Il titolo Micron (NASDAQ: MU) è saltato di quasi il 10% venerdì, spinto da una tempesta perfetta di scarsità di fornitura, un momentum record degli utili e aggressivi rivalutazioni di Wall Street.
L’impennata azionaria riflette la convinzione di Wall Street che Micron sia entrata in un’era strutturale di potere di prezzo e espansione dei margini legata alla costruzione dell’infrastruttura di intelligenza artificiale.
Nelle prime scambi, il produttore di chip di memoria ha raggiunto i livelli più alti finora, segnalando che il ciclo dei semiconduttori è cambiato radicalmente.
Guida e pressione HBM: perché i numeri di Micron sono importanti
Il catalizzatore del rally odierno risale agli utili del primo trimestre fiscale di Micron del 17 dicembre, che hanno annientizzato le aspettative e scosso la Street.
L’azienda ha riportato un utile per azione di 4,78 dollari contro le aspettative di 3,94 dollari, un superamento del 21%.
I ricavi sono stati di 13,6 miliardi di dollari, superando la stima consensuale di 12,8 miliardi di dollari.
Ancora più importante, le previsioni per il secondo trimestre di Micron hanno segnalato uno slancio ancora più forte: l’azienda prevede ricavi di 18,7 miliardi di dollari con utili per azione tra 8,22 e 8,62 dollari, cifre che gli analisti stimano di gran lungo.
La vera storia, però, sta nella provvista.
Micron ha rivelato che l’intera capacità della sua memoria ad alta larghezza di banda (HBM) per il calendario 2026 è già esaurita.
Il CEO Sanjay Mehrotra ha dichiarato durante la teleconferenza economica che l’azienda può soddisfare solo circa il 50–67% della domanda dei clienti perché la produzione di HBM è molto limitata.
Questa carenza strutturale si traduce direttamente nel potere di stabilire i prezzi: i modelli Bernstein suggeriscono che i prezzi medi di vendita della DRAM manterranno aumenti del 20–25% trimestre su trimestre durante la prima metà del 2026.
Con margini lordi che sono saliti al 56,8% nel primo trimestre (in aumento dell’11% in sequenza), il titolo Micron sta catturando una redditività eccezionale sia da HBM che dalla memoria tradizionale.
Azioni Micron: Posizionamento che amplifica i rally
Il movimento del 10% di oggi si è amplificato oltre i fondamentali grazie a una confluenza di meccanismi di mercato.
Bernstein SocGen Group ha emesso venerdì mattina un notevole miglioramento, portando il prezzo obiettivo da 270 a 330 dollari, un salto di 60 dollari che ha costretto i gestori di portafoglio a una rivalutazione.
L’analista dell’azienda Mark Li ha citato un “reset strutturale” nei prezzi della memoria e nei modelli per l’EPS 2026 di Micron nell’intervallo di 32–40 dollari, implicando una crescita annua di quasi il 300%.

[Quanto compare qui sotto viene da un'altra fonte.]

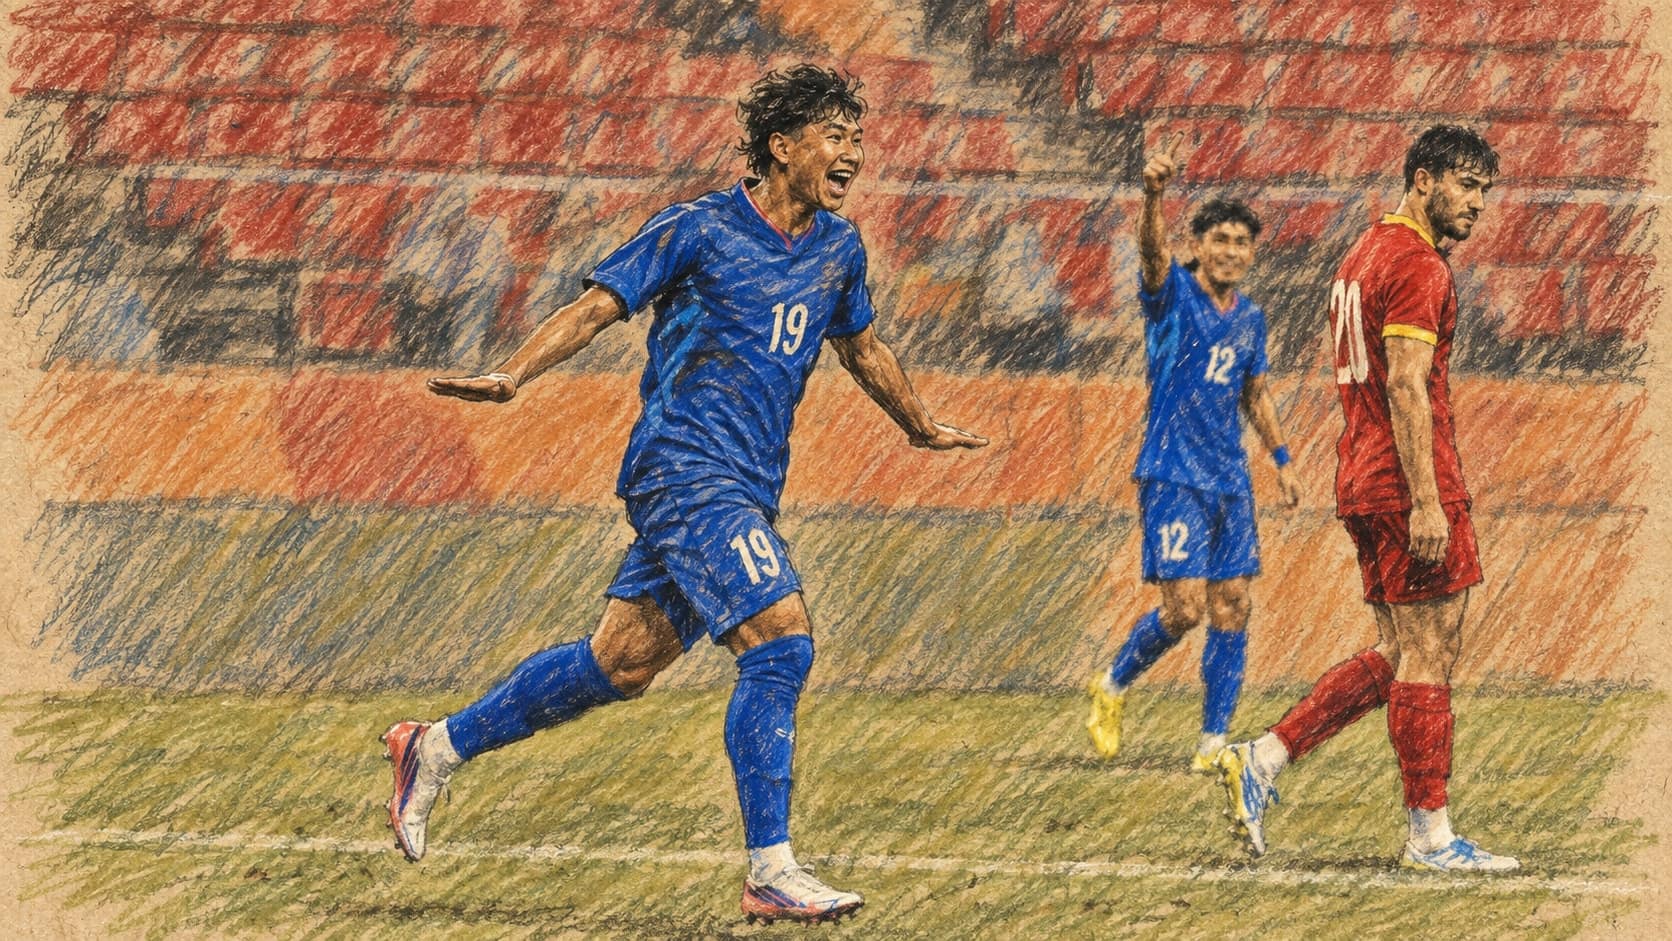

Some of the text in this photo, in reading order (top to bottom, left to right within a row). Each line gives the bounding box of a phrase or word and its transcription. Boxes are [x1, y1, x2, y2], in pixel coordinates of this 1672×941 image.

Non era l’unica voce a spostarsi in modo bullish; il rally ha provocato molteplici revisioni da parte di analisti a Wall Street.
Lo slancio del settore ha aggiunto carburante.
Anche Samsung Electronics e SK Hynix, principali concorrenti di Micron, hanno raggiunto la ripresa il 2 gennaio, con Samsung che ha raggiunto i massimi storici dell’entusiasmo degli investitori per i progressi su HBM4.
Queste mosse tra pari hanno confermato la tesi che l’intero spazio di memoria beneficia del capex fuori controllo dell’IA.
Anche gli interessi brevi contavano. Micron ha mantenuto circa 25,15 milioni di azioni short (circa il 2,24% del float), con solo 1,21 giorni da coprire al volume di scambi recente.
Sebbene la base short di Micron sia modesta, qualsiasi rivalutazione al rialzo copre, accelerando i rialzi nelle prime ore del mattino, quando il volume è più basso e la liquidità più ristretta.
Con l’allungarsi dei cicli di investimenti e la nuova capacità produttiva ancora lontana anni, lo status di esaurito di Micron fino al 2026 rappresenta il massimo voto di fiducia nel suo potere di prezzo.
Gli investitori stanno praticamente scommettendo che questo mercato della memoria “più alta per più tempo” persista fino a metà 2026, a sostegno di una rivalutazione pluriennale.